WORK REQUIRED:
Give back each line of the data exactly as it reads, minus the pictures.

DATA SHOWN:
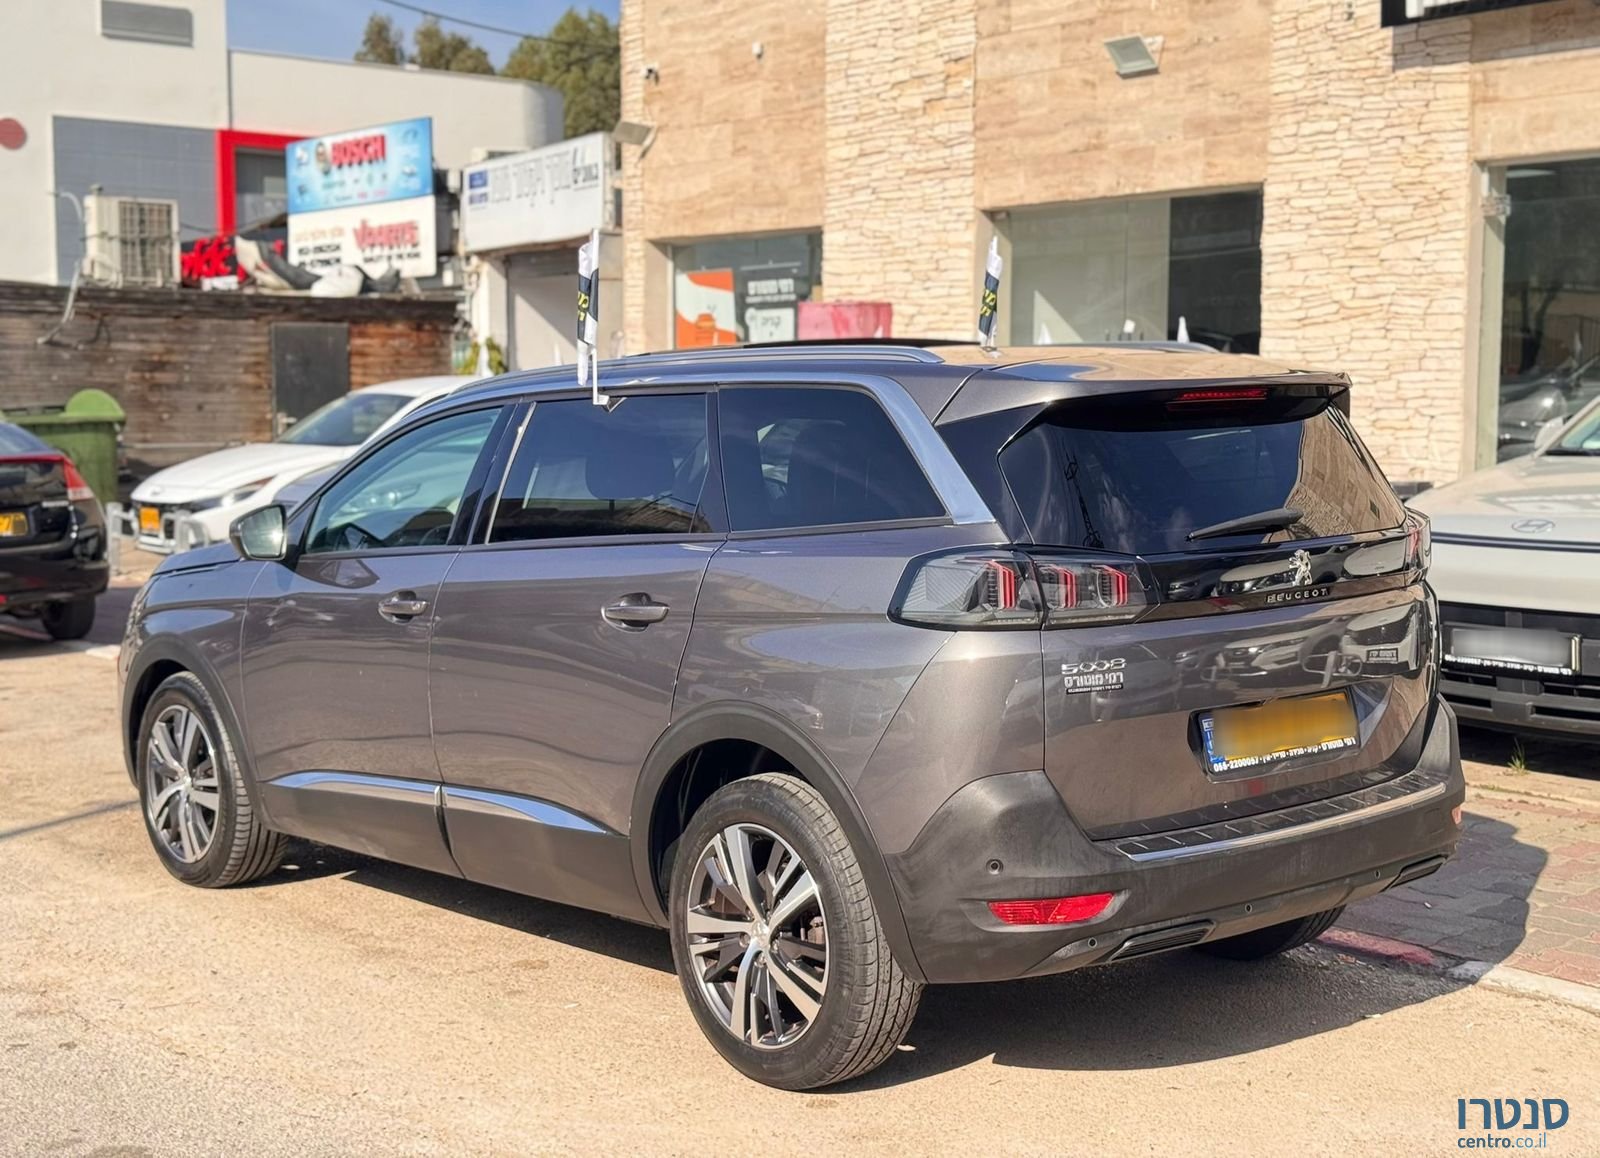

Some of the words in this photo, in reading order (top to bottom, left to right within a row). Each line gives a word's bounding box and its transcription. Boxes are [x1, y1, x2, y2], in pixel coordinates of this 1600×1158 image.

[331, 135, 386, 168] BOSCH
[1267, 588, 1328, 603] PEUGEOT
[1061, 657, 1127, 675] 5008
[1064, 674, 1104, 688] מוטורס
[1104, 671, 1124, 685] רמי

RESPONSE TO THE EXERCISE:
Some of the words in this photo, in reading order (top to bottom, left to right within a row). Each line gives a word's bounding box and its transcription. Boxes are [x1, y1, x2, y2], in pixel coordinates of this 1600×1158 image.

[331, 135, 386, 168] BOSCH
[1267, 588, 1328, 603] PEUGEOT
[1061, 657, 1127, 675] 5008
[1064, 674, 1104, 688] מוטורס
[1104, 671, 1124, 685] רמי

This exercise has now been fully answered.